Electronic medical record systems refer to digital versions of the paper charts of health-related data on a patient that can be generated, collected, and referred by authorized clinicians and employees within one healthcare facility. On the other hand, an electronic health record is a digital version of a patient’s paper chart that contains data from all caregivers involved in patient care (Padmanabhan et al., 2019).
At our health care facility, we utilize an EMR system to track information over time, classify patients for precautionary visits and screenings, monitoring them to improve healthcare quality. We use EHR systems to share data with other healthcare givers such as specialists and laboratories. These electronic systems help us offer safe care to patients by minimizing medical mistakes as patients can be diagnosed more efficiently.
Using these digital health records offers an organization better control over information security. EMR and EHR systems only grant access to authorized clinicians and healthcare administrators. This is done with encryption techniques to keep crucial patient data secure from any unauthorized access. The safety features of encryption plus robust login password systems make it hard for a third party to make unapproved access and changes to the patient’s chart. Modern EMR and EHR systems come with features that help staffers make timely reminders, such as telling patients about upcoming screening tests that they need to undergo (Wager et al., 2017). This not only makes the clinician’s workload lighter but also boosts patient safety.

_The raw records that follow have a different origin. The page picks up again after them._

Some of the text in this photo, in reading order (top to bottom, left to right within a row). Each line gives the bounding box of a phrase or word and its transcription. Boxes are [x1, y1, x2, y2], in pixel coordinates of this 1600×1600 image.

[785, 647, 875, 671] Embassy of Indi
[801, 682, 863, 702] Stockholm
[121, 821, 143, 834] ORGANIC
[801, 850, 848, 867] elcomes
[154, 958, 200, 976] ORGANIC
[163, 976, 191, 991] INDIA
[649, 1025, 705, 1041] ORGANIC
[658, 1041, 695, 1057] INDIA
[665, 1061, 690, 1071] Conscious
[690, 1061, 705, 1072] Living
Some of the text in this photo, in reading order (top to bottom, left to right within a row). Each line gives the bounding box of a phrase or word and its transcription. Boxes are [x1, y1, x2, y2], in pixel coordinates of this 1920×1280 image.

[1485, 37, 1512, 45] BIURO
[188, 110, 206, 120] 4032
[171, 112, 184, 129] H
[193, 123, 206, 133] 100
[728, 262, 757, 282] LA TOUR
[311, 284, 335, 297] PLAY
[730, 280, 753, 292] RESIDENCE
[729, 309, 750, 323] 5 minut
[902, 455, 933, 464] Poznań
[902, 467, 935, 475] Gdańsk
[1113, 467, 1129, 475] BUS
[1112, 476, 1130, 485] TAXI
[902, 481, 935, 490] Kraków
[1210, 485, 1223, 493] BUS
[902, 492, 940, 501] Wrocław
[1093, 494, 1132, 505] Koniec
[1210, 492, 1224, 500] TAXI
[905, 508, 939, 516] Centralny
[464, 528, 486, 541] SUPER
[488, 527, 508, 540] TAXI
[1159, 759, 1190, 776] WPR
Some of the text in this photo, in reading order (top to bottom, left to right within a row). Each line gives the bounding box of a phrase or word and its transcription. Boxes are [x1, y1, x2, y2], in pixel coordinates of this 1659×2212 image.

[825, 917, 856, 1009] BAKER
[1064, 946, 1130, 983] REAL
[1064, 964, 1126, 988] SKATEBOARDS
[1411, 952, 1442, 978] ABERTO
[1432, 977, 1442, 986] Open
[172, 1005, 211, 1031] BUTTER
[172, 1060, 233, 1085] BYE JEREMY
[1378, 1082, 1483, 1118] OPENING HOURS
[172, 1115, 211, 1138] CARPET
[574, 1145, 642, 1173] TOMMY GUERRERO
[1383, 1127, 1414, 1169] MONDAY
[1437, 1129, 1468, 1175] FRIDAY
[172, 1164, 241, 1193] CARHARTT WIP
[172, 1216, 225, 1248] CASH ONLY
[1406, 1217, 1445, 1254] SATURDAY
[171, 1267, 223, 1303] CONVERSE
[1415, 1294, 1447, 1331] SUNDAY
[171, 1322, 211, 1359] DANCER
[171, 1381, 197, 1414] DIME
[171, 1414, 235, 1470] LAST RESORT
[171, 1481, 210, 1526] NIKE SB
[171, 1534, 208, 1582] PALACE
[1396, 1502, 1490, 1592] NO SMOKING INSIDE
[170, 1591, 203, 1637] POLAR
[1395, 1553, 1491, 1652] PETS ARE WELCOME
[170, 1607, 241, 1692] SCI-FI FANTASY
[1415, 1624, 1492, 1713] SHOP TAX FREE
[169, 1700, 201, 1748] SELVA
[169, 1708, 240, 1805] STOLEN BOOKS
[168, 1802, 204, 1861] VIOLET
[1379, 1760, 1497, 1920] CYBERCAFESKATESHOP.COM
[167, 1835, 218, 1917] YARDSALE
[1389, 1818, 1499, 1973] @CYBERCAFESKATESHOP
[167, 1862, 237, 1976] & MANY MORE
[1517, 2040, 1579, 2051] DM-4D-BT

The adoption of electronic systems has several advantages to an organization, including decreased healthcare costs, better care, and minimized medical errors. However, serious inadvertent consequences from the application of electronic systems have developed. Poor usage of the electronic systems can cause EMR and EHR related faults that jeopardize the reliability of the stored data. This leads to medical errors that endanger patient safety and decrease the quality of care (Bani Issa et al., 2020). For instance, a child died from a drug overdose due to wrongly set automated alerts by a clinician. The copy and paste functionality can lead to inappropriate documentation capture, resulting in medical errors and fraud allegations.
References
Bani Issa, W., Al Akour, I., Ibrahim, A., Almarzouqi, A., Abbas, S., Hisham, F., & Griffiths, J. (2020). Privacy, confidentiality, security and patient safety concerns about electronic health records. International Nursing Review, 67(2), 218-230.
Padmanabhan, S., Carty, L., Cameron, E., Ghosh, R. E., Williams, R., & Strongman, H. (2019). Approach to record linkage of primary care data from clinical practice research datalink to other health-related patient data: overview and implications. European Journal of Epidemiology, 34(1), 91-99.
Wager, K. A., Lee, F. W., & Glaser, J. P. (2017). Health care information systems: A practical approach for health care management. John Wiley & Sons.